Exercise requirements:
Write out every entry below word for word, leaving nothing out.

Input records:
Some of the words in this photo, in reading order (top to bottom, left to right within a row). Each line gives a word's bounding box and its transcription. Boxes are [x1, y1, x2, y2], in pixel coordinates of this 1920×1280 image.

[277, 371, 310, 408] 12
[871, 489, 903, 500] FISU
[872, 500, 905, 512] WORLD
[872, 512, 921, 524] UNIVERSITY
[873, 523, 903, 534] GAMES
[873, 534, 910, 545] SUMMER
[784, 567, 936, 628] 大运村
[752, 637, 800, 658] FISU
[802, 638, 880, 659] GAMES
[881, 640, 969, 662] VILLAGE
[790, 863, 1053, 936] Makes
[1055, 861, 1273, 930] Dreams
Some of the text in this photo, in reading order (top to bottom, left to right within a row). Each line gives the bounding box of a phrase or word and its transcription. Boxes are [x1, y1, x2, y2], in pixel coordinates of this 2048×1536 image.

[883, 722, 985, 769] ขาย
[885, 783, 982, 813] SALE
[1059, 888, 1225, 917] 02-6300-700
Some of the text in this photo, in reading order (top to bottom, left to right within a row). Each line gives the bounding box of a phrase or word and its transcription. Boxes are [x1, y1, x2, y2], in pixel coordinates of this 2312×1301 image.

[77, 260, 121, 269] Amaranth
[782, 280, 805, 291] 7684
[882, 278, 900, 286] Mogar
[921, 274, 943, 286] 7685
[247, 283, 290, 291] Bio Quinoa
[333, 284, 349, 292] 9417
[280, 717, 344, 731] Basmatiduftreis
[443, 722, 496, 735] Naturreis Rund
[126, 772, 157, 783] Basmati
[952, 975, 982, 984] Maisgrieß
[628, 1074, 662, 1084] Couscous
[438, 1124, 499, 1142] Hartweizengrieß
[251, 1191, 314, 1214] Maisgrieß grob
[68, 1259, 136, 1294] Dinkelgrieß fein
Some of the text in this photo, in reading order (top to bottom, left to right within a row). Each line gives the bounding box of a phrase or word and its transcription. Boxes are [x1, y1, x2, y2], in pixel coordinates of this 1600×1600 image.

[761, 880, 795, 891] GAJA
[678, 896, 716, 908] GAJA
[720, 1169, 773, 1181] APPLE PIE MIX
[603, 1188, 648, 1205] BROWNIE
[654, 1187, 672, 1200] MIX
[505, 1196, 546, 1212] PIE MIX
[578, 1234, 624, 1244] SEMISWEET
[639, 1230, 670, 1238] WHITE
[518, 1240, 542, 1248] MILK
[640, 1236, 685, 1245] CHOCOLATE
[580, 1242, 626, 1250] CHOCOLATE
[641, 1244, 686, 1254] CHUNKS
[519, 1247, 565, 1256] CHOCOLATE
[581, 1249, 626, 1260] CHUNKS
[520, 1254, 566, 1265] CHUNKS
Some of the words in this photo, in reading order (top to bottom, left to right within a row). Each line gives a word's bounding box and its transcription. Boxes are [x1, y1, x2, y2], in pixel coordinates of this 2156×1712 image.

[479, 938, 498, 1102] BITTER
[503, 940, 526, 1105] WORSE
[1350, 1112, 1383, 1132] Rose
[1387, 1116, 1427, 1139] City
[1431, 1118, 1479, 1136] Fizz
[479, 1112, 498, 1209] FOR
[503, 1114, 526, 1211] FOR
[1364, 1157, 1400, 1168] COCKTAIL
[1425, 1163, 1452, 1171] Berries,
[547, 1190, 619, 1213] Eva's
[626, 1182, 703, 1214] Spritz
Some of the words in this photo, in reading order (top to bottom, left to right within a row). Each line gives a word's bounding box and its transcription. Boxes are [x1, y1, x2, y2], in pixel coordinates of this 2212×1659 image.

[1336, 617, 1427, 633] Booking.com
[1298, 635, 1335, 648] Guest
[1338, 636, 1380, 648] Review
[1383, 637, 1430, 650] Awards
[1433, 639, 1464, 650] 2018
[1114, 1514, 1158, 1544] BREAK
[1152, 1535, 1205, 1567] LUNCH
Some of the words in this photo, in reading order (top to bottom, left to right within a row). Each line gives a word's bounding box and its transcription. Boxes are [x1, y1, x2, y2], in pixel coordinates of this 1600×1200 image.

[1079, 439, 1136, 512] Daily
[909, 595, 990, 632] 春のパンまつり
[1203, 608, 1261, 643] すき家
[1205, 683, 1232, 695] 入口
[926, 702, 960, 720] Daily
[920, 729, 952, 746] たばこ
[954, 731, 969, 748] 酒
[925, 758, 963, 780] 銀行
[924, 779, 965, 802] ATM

Your response:
Some of the words in this photo, in reading order (top to bottom, left to right within a row). Each line gives a word's bounding box and its transcription. Boxes are [x1, y1, x2, y2], in pixel coordinates of this 1920×1280 image.

[277, 371, 310, 408] 12
[871, 489, 903, 500] FISU
[872, 500, 905, 512] WORLD
[872, 512, 921, 524] UNIVERSITY
[873, 523, 903, 534] GAMES
[873, 534, 910, 545] SUMMER
[784, 567, 936, 628] 大运村
[752, 637, 800, 658] FISU
[802, 638, 880, 659] GAMES
[881, 640, 969, 662] VILLAGE
[790, 863, 1053, 936] Makes
[1055, 861, 1273, 930] Dreams
Some of the text in this photo, in reading order (top to bottom, left to right within a row). Each line gives the bounding box of a phrase or word and its transcription. Boxes are [x1, y1, x2, y2], in pixel coordinates of this 2048×1536 image.

[883, 722, 985, 769] ขาย
[885, 783, 982, 813] SALE
[1059, 888, 1225, 917] 02-6300-700
Some of the text in this photo, in reading order (top to bottom, left to right within a row). Each line gives the bounding box of a phrase or word and its transcription. Boxes are [x1, y1, x2, y2], in pixel coordinates of this 2312×1301 image.

[77, 260, 121, 269] Amaranth
[782, 280, 805, 291] 7684
[882, 278, 900, 286] Mogar
[921, 274, 943, 286] 7685
[247, 283, 290, 291] Bio Quinoa
[333, 284, 349, 292] 9417
[280, 717, 344, 731] Basmatiduftreis
[443, 722, 496, 735] Naturreis Rund
[126, 772, 157, 783] Basmati
[952, 975, 982, 984] Maisgrieß
[628, 1074, 662, 1084] Couscous
[438, 1124, 499, 1142] Hartweizengrieß
[251, 1191, 314, 1214] Maisgrieß grob
[68, 1259, 136, 1294] Dinkelgrieß fein
Some of the text in this photo, in reading order (top to bottom, left to right within a row). Each line gives the bounding box of a phrase or word and its transcription. Boxes are [x1, y1, x2, y2], in pixel coordinates of this 1600×1600 image.

[761, 880, 795, 891] GAJA
[678, 896, 716, 908] GAJA
[720, 1169, 773, 1181] APPLE PIE MIX
[603, 1188, 648, 1205] BROWNIE
[654, 1187, 672, 1200] MIX
[505, 1196, 546, 1212] PIE MIX
[578, 1234, 624, 1244] SEMISWEET
[639, 1230, 670, 1238] WHITE
[518, 1240, 542, 1248] MILK
[640, 1236, 685, 1245] CHOCOLATE
[580, 1242, 626, 1250] CHOCOLATE
[641, 1244, 686, 1254] CHUNKS
[519, 1247, 565, 1256] CHOCOLATE
[581, 1249, 626, 1260] CHUNKS
[520, 1254, 566, 1265] CHUNKS
Some of the words in this photo, in reading order (top to bottom, left to right within a row). Each line gives a word's bounding box and its transcription. Boxes are [x1, y1, x2, y2], in pixel coordinates of this 2156×1712 image.

[479, 938, 498, 1102] BITTER
[503, 940, 526, 1105] WORSE
[1350, 1112, 1383, 1132] Rose
[1387, 1116, 1427, 1139] City
[1431, 1118, 1479, 1136] Fizz
[479, 1112, 498, 1209] FOR
[503, 1114, 526, 1211] FOR
[1364, 1157, 1400, 1168] COCKTAIL
[1425, 1163, 1452, 1171] Berries,
[547, 1190, 619, 1213] Eva's
[626, 1182, 703, 1214] Spritz
Some of the words in this photo, in reading order (top to bottom, left to right within a row). Each line gives a word's bounding box and its transcription. Boxes are [x1, y1, x2, y2], in pixel coordinates of this 2212×1659 image.

[1336, 617, 1427, 633] Booking.com
[1298, 635, 1335, 648] Guest
[1338, 636, 1380, 648] Review
[1383, 637, 1430, 650] Awards
[1433, 639, 1464, 650] 2018
[1114, 1514, 1158, 1544] BREAK
[1152, 1535, 1205, 1567] LUNCH
Some of the words in this photo, in reading order (top to bottom, left to right within a row). Each line gives a word's bounding box and its transcription. Boxes are [x1, y1, x2, y2], in pixel coordinates of this 1600×1200 image.

[1079, 439, 1136, 512] Daily
[909, 595, 990, 632] 春のパンまつり
[1203, 608, 1261, 643] すき家
[1205, 683, 1232, 695] 入口
[926, 702, 960, 720] Daily
[920, 729, 952, 746] たばこ
[954, 731, 969, 748] 酒
[925, 758, 963, 780] 銀行
[924, 779, 965, 802] ATM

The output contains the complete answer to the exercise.